What is the connection between Uncertainty and the Scaled Agile Framework?
Uncertainty is one of the core reasons we need to be agile. Different modes of Business/Requirements/
Making it Concrete – The Stacey Uncertainty Matrix and its relation to the Scaled Agile Framework
As I wrote about at some length in Risk-Aware Product Development (a.k.a Agile) explaining the concept of Requirement/Business/Technology uncertainty is one of the first things I do with most audiences I meet for the first time. On a Leading SAFe/SPC class this typically takes place in the first module when we go over the need for SAFe. This is not a core part of the materials but I take the time to explain it anyhow and then find myself referring back to it throughout the workshop.
The first layer of realization is that our problem with the classic approaches to product development is that they were built for complicated endeavors but not complex ones.
Then we layer on more interesting realizations like the fact that for some endeavors like those approaching the “Anarchy”/”Chaos” domains probably the best approach would be a “Skunkworks” style cross-functional co-located fully empowered small team. As you grow a bit farther from Anarchy you can scale agility using an approach like the Scaled Agile Framework. At these levels of uncertainty/risk the trade-off of distributed teams, distributed PI Planning, system team, component teams, shared architects/UX MIGHT make sense and are worth considering.

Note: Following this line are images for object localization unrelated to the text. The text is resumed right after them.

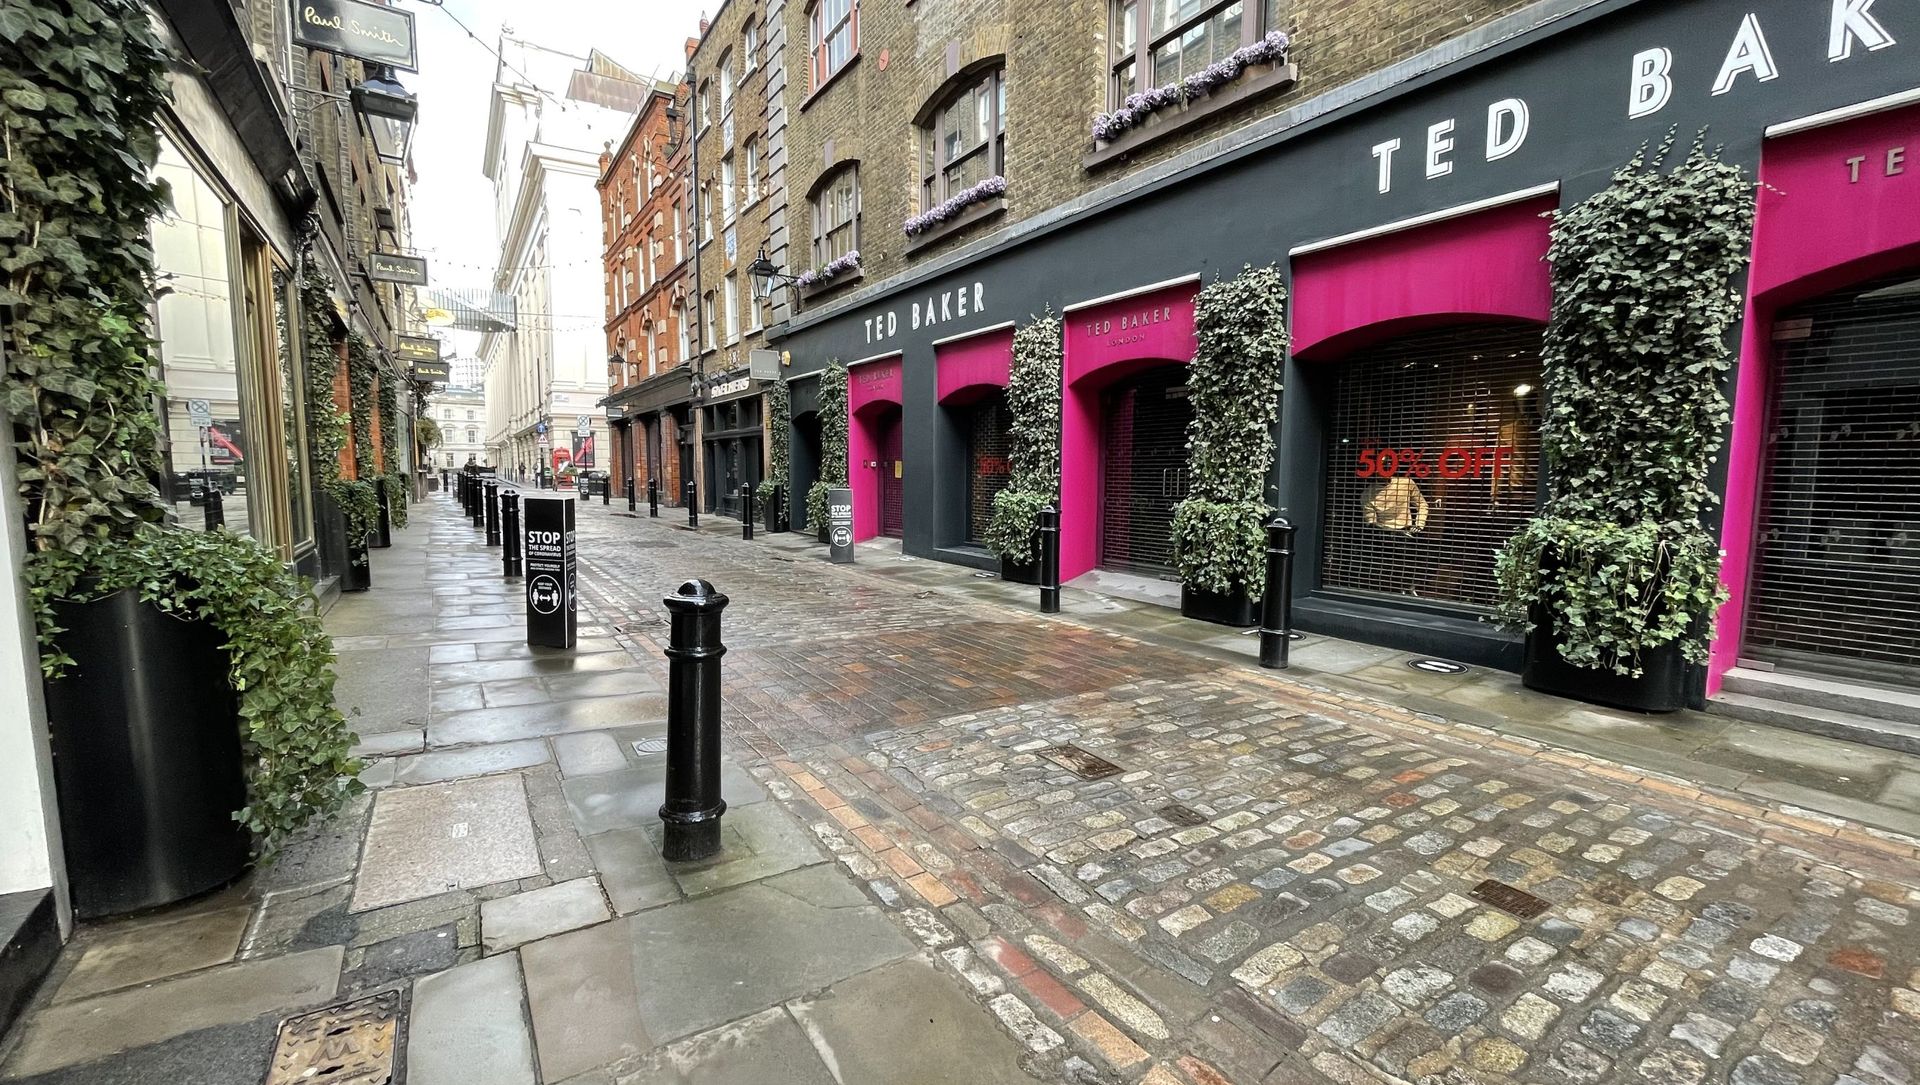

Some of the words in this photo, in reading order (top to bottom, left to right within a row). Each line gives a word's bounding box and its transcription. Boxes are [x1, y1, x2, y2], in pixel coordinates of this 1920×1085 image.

[304, 6, 345, 31] Paul
[351, 21, 404, 47] Smith
[1372, 98, 1529, 194] TED
[1628, 0, 1896, 120] BAK
[1846, 147, 1905, 183] TE
[864, 311, 897, 344] TED
[911, 282, 985, 330] BAKER
[1086, 320, 1111, 337] TED
[1121, 307, 1171, 330] BAKER
[1106, 332, 1145, 347] LONDON
[1356, 448, 1431, 478] 50%
[1438, 447, 1513, 478] OFF
[831, 504, 851, 512] STOP
[528, 530, 561, 544] STOP
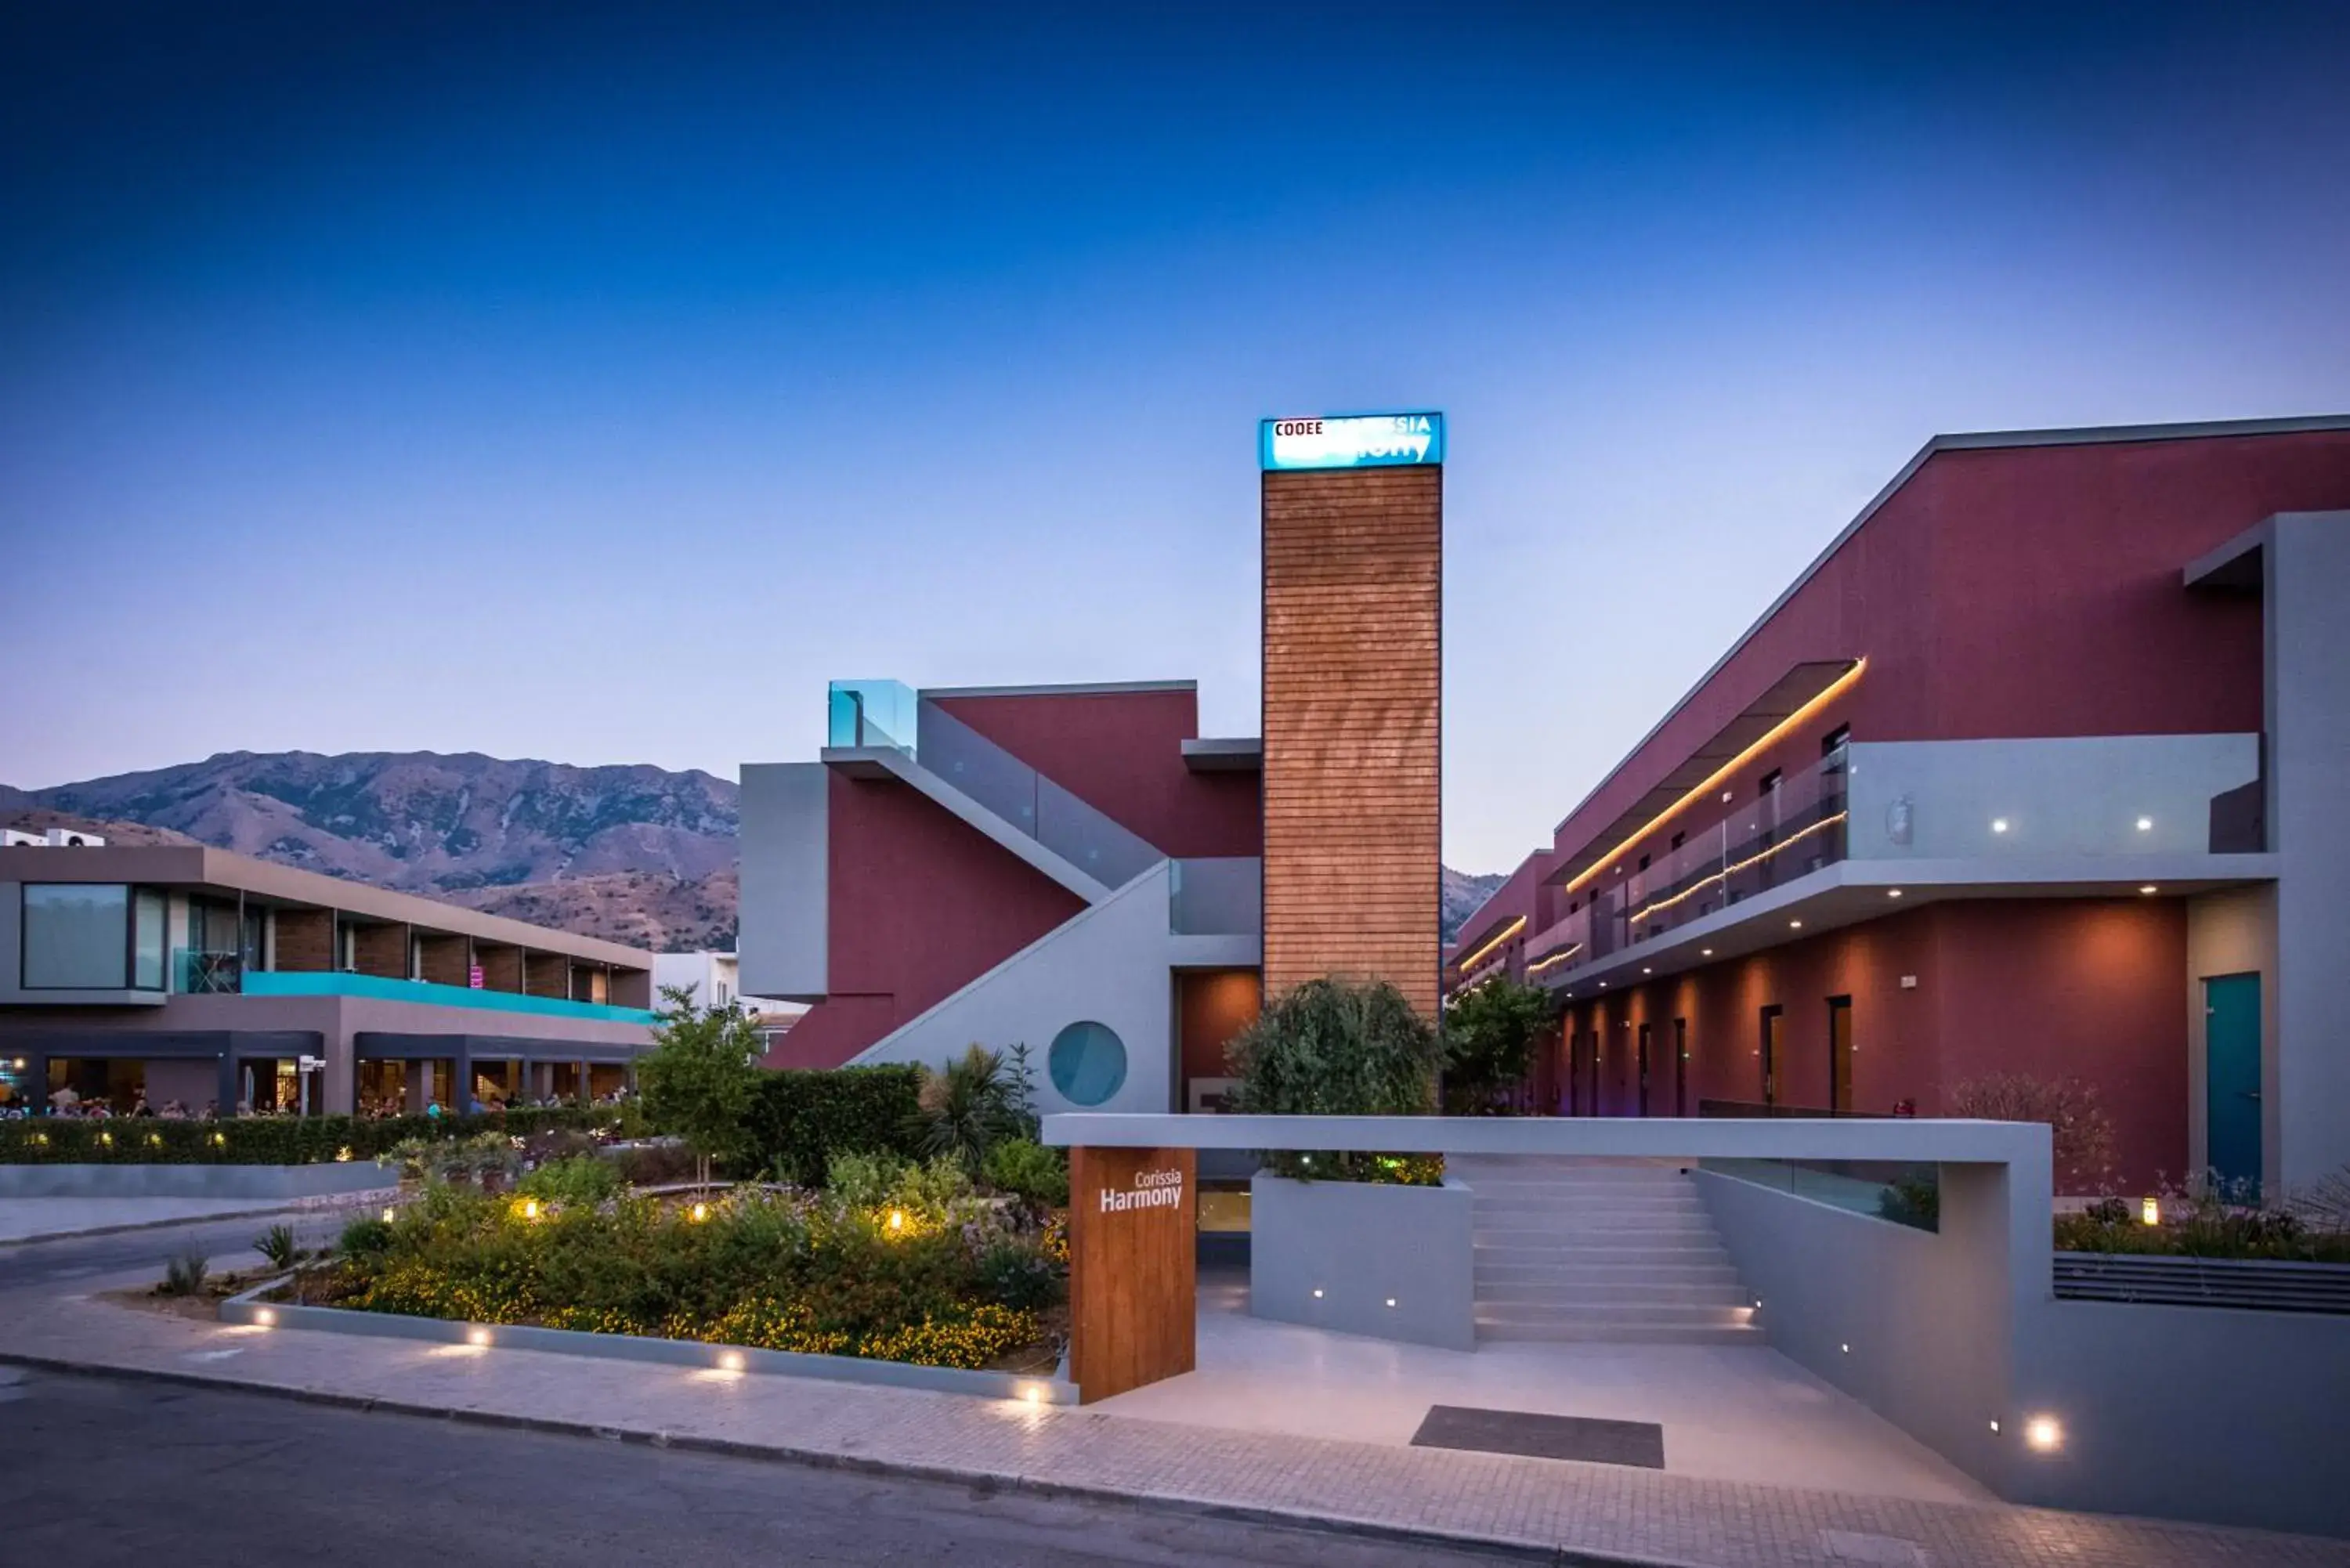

As you approach the simpler domain sometimes even the alignment rationale for “whole train” PI Planning can be reconsidered. Is that SAFe™ heresy? maybe. But I find that telling people “Whole ART PI Planning” is mandatory is less effective than showing them WHEN it has a better economic impact. (BTW as you grow in complexity/uncertainty you also need better people that are more engaged – which the Whole ART PI Planning helps with as well)
In general, this thinking helps leaders at these workshops grasp the various economic levers that go into tailoring a SAFe™ implementation. I find this disarms some of the resistance you get when people feel something is “a must”. Using this approach they typically go out with a stronger conviction to avoid some compromises and a better feeling about the compromises that do make sense.
To take another example of how I use the uncertainty matrix during SAFe™ training/implementation discussions – SAFe™ talks about a hierarchy between ART Product Management and the Product Owners working with the teams. A typical and sensible question people have is “Who should wear the Product Owner hat?”. Using the uncertainty matrix, we realize that in some cases the Product Owner should be a Product Manager (probably the top two quadrants of the matrix) and in some other cases he can also be a more technical leader (Especially on the far right side of the matrix). As the typical organization I work with is struggling to fill those Product Owner roles, this realization helps them deploy their people more effectively in a way that minimizes the risk of ineffective feedback loops due to the wrong individuals being in the tight Product Owner loop.
Understanding uncertainty and its attributes and implications is in my view and experience a critical step of buying into the need for agile as well as gaining the ability to design an effective agile approach for your context. Presenting the Stacey Matrix and trying to map it to your reality is one technique I used to help people gain this understanding. Using it as a decision filter/design criteria for further SAFe™ tailoring questions complements this initial presentation/exposure and grounds it. If you are teaching Leading SAFe™/SPC classes, explaining the need for agile to leaders/executives, or working with an organization to implement a scaled agile approach, I believe you will see improved results if you add this technique to your toolbox. I know I have.
I have used this approach with cross functional teams to explain the costs and time to market of various projects. You can actually assign numeric values to the X axis and Y axis, adding points when specific types of functionality and technology is requested.
An excellent product manager and technology officer audience book on this topic is “The Entrepreneurial Mindset” by McGrath and MacMillian. They dedicate an entire chapter to quizzing end customers and cross functional team members on the product, project, requirements to help understand where it fits in this model and (very importantly) how each area should be managed differently and the sorts of actions you need to take to mitigate risks.
CTO / Product Manager / Product Owner
RFID Global Solution
Yuval, Nice to see Stacey used in the agile space.